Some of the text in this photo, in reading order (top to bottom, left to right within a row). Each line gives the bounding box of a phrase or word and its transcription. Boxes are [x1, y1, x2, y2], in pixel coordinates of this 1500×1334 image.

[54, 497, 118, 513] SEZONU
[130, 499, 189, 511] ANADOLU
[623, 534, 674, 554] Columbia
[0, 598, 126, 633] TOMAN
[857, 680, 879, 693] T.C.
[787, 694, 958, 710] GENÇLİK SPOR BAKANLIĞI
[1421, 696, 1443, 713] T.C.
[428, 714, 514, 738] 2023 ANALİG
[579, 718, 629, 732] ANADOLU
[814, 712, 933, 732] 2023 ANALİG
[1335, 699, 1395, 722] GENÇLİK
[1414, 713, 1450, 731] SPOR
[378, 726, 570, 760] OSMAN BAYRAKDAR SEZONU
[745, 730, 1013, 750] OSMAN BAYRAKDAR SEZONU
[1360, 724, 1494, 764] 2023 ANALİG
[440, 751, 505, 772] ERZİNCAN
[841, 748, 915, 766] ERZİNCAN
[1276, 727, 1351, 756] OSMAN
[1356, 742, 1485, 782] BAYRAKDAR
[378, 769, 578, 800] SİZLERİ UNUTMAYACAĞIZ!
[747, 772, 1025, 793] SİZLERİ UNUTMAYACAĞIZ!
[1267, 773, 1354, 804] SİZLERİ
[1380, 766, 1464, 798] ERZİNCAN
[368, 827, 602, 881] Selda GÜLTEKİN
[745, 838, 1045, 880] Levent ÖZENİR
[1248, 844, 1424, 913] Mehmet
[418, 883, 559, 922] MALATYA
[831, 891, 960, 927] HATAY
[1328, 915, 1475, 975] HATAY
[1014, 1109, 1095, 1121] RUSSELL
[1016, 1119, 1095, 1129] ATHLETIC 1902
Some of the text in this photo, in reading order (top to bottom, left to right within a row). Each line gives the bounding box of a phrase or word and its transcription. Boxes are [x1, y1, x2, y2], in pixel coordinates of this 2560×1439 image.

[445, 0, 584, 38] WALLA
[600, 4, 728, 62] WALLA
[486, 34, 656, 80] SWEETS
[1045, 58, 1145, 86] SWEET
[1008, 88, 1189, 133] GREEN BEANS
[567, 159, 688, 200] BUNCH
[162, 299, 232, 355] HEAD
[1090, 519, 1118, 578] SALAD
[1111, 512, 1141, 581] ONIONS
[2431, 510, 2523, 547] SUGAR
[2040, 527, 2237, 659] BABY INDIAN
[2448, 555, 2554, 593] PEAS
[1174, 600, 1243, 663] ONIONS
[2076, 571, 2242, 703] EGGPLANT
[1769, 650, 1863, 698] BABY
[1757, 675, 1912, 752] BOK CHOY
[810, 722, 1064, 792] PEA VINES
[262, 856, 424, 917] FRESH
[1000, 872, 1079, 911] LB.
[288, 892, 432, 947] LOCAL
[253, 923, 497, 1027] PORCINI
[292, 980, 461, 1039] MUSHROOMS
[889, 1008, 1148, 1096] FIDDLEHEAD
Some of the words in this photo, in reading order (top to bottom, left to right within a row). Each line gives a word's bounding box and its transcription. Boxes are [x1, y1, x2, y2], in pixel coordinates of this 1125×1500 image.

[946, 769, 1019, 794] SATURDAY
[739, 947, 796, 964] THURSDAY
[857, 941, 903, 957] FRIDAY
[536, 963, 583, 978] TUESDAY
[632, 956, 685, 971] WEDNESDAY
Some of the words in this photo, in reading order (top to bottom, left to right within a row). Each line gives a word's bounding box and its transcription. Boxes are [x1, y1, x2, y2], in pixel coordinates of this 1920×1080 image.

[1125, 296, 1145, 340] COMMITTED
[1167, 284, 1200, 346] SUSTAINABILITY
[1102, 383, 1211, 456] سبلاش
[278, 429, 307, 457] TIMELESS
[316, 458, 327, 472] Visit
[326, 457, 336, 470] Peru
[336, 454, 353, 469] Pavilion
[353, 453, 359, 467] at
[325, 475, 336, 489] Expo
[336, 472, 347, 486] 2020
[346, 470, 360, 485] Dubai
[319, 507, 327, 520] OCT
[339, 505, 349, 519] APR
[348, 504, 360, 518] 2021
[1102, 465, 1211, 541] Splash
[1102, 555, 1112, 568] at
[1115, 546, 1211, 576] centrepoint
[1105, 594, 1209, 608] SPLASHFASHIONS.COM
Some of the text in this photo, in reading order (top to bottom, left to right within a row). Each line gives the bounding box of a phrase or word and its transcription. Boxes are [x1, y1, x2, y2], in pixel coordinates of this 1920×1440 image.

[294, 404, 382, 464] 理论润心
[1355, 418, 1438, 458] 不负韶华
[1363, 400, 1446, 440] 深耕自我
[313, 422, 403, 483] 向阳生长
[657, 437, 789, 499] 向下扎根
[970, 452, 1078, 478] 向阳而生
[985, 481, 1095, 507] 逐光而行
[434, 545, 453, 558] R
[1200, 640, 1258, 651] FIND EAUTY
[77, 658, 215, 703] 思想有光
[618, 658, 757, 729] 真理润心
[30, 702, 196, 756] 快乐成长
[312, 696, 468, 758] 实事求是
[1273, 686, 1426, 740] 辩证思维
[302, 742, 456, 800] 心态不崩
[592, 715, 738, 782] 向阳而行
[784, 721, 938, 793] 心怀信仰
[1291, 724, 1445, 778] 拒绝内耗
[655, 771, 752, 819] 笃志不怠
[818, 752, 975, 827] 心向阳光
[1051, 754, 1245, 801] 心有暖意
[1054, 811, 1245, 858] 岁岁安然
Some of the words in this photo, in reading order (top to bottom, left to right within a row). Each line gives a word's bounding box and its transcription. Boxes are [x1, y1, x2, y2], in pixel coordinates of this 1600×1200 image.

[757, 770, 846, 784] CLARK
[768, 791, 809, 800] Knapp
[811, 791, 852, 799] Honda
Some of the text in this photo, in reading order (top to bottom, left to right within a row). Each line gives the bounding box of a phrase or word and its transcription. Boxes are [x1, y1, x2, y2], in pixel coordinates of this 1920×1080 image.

————

Would you return all of the data exactly as given?

FINAL ANSWER.
Some of the text in this photo, in reading order (top to bottom, left to right within a row). Each line gives the bounding box of a phrase or word and its transcription. Boxes are [x1, y1, x2, y2], in pixel coordinates of this 1500×1334 image.

[54, 497, 118, 513] SEZONU
[130, 499, 189, 511] ANADOLU
[623, 534, 674, 554] Columbia
[0, 598, 126, 633] TOMAN
[857, 680, 879, 693] T.C.
[787, 694, 958, 710] GENÇLİK SPOR BAKANLIĞI
[1421, 696, 1443, 713] T.C.
[428, 714, 514, 738] 2023 ANALİG
[579, 718, 629, 732] ANADOLU
[814, 712, 933, 732] 2023 ANALİG
[1335, 699, 1395, 722] GENÇLİK
[1414, 713, 1450, 731] SPOR
[378, 726, 570, 760] OSMAN BAYRAKDAR SEZONU
[745, 730, 1013, 750] OSMAN BAYRAKDAR SEZONU
[1360, 724, 1494, 764] 2023 ANALİG
[440, 751, 505, 772] ERZİNCAN
[841, 748, 915, 766] ERZİNCAN
[1276, 727, 1351, 756] OSMAN
[1356, 742, 1485, 782] BAYRAKDAR
[378, 769, 578, 800] SİZLERİ UNUTMAYACAĞIZ!
[747, 772, 1025, 793] SİZLERİ UNUTMAYACAĞIZ!
[1267, 773, 1354, 804] SİZLERİ
[1380, 766, 1464, 798] ERZİNCAN
[368, 827, 602, 881] Selda GÜLTEKİN
[745, 838, 1045, 880] Levent ÖZENİR
[1248, 844, 1424, 913] Mehmet
[418, 883, 559, 922] MALATYA
[831, 891, 960, 927] HATAY
[1328, 915, 1475, 975] HATAY
[1014, 1109, 1095, 1121] RUSSELL
[1016, 1119, 1095, 1129] ATHLETIC 1902
Some of the text in this photo, in reading order (top to bottom, left to right within a row). Each line gives the bounding box of a phrase or word and its transcription. Boxes are [x1, y1, x2, y2], in pixel coordinates of this 2560×1439 image.

[445, 0, 584, 38] WALLA
[600, 4, 728, 62] WALLA
[486, 34, 656, 80] SWEETS
[1045, 58, 1145, 86] SWEET
[1008, 88, 1189, 133] GREEN BEANS
[567, 159, 688, 200] BUNCH
[162, 299, 232, 355] HEAD
[1090, 519, 1118, 578] SALAD
[1111, 512, 1141, 581] ONIONS
[2431, 510, 2523, 547] SUGAR
[2040, 527, 2237, 659] BABY INDIAN
[2448, 555, 2554, 593] PEAS
[1174, 600, 1243, 663] ONIONS
[2076, 571, 2242, 703] EGGPLANT
[1769, 650, 1863, 698] BABY
[1757, 675, 1912, 752] BOK CHOY
[810, 722, 1064, 792] PEA VINES
[262, 856, 424, 917] FRESH
[1000, 872, 1079, 911] LB.
[288, 892, 432, 947] LOCAL
[253, 923, 497, 1027] PORCINI
[292, 980, 461, 1039] MUSHROOMS
[889, 1008, 1148, 1096] FIDDLEHEAD
Some of the words in this photo, in reading order (top to bottom, left to right within a row). Each line gives a word's bounding box and its transcription. Boxes are [x1, y1, x2, y2], in pixel coordinates of this 1125×1500 image.

[946, 769, 1019, 794] SATURDAY
[739, 947, 796, 964] THURSDAY
[857, 941, 903, 957] FRIDAY
[536, 963, 583, 978] TUESDAY
[632, 956, 685, 971] WEDNESDAY
Some of the words in this photo, in reading order (top to bottom, left to right within a row). Each line gives a word's bounding box and its transcription. Boxes are [x1, y1, x2, y2], in pixel coordinates of this 1920×1080 image.

[1125, 296, 1145, 340] COMMITTED
[1167, 284, 1200, 346] SUSTAINABILITY
[1102, 383, 1211, 456] سبلاش
[278, 429, 307, 457] TIMELESS
[316, 458, 327, 472] Visit
[326, 457, 336, 470] Peru
[336, 454, 353, 469] Pavilion
[353, 453, 359, 467] at
[325, 475, 336, 489] Expo
[336, 472, 347, 486] 2020
[346, 470, 360, 485] Dubai
[319, 507, 327, 520] OCT
[339, 505, 349, 519] APR
[348, 504, 360, 518] 2021
[1102, 465, 1211, 541] Splash
[1102, 555, 1112, 568] at
[1115, 546, 1211, 576] centrepoint
[1105, 594, 1209, 608] SPLASHFASHIONS.COM
Some of the text in this photo, in reading order (top to bottom, left to right within a row). Each line gives the bounding box of a phrase or word and its transcription. Boxes are [x1, y1, x2, y2], in pixel coordinates of this 1920×1440 image.

[294, 404, 382, 464] 理论润心
[1355, 418, 1438, 458] 不负韶华
[1363, 400, 1446, 440] 深耕自我
[313, 422, 403, 483] 向阳生长
[657, 437, 789, 499] 向下扎根
[970, 452, 1078, 478] 向阳而生
[985, 481, 1095, 507] 逐光而行
[434, 545, 453, 558] R
[1200, 640, 1258, 651] FIND EAUTY
[77, 658, 215, 703] 思想有光
[618, 658, 757, 729] 真理润心
[30, 702, 196, 756] 快乐成长
[312, 696, 468, 758] 实事求是
[1273, 686, 1426, 740] 辩证思维
[302, 742, 456, 800] 心态不崩
[592, 715, 738, 782] 向阳而行
[784, 721, 938, 793] 心怀信仰
[1291, 724, 1445, 778] 拒绝内耗
[655, 771, 752, 819] 笃志不怠
[818, 752, 975, 827] 心向阳光
[1051, 754, 1245, 801] 心有暖意
[1054, 811, 1245, 858] 岁岁安然
Some of the words in this photo, in reading order (top to bottom, left to right within a row). Each line gives a word's bounding box and its transcription. Boxes are [x1, y1, x2, y2], in pixel coordinates of this 1600×1200 image.

[757, 770, 846, 784] CLARK
[768, 791, 809, 800] Knapp
[811, 791, 852, 799] Honda
Some of the text in this photo, in reading order (top to bottom, left to right within a row). Each line gives the bounding box of a phrase or word and its transcription. Boxes are [x1, y1, x2, y2], in pixel coordinates of this 1920×1080 image.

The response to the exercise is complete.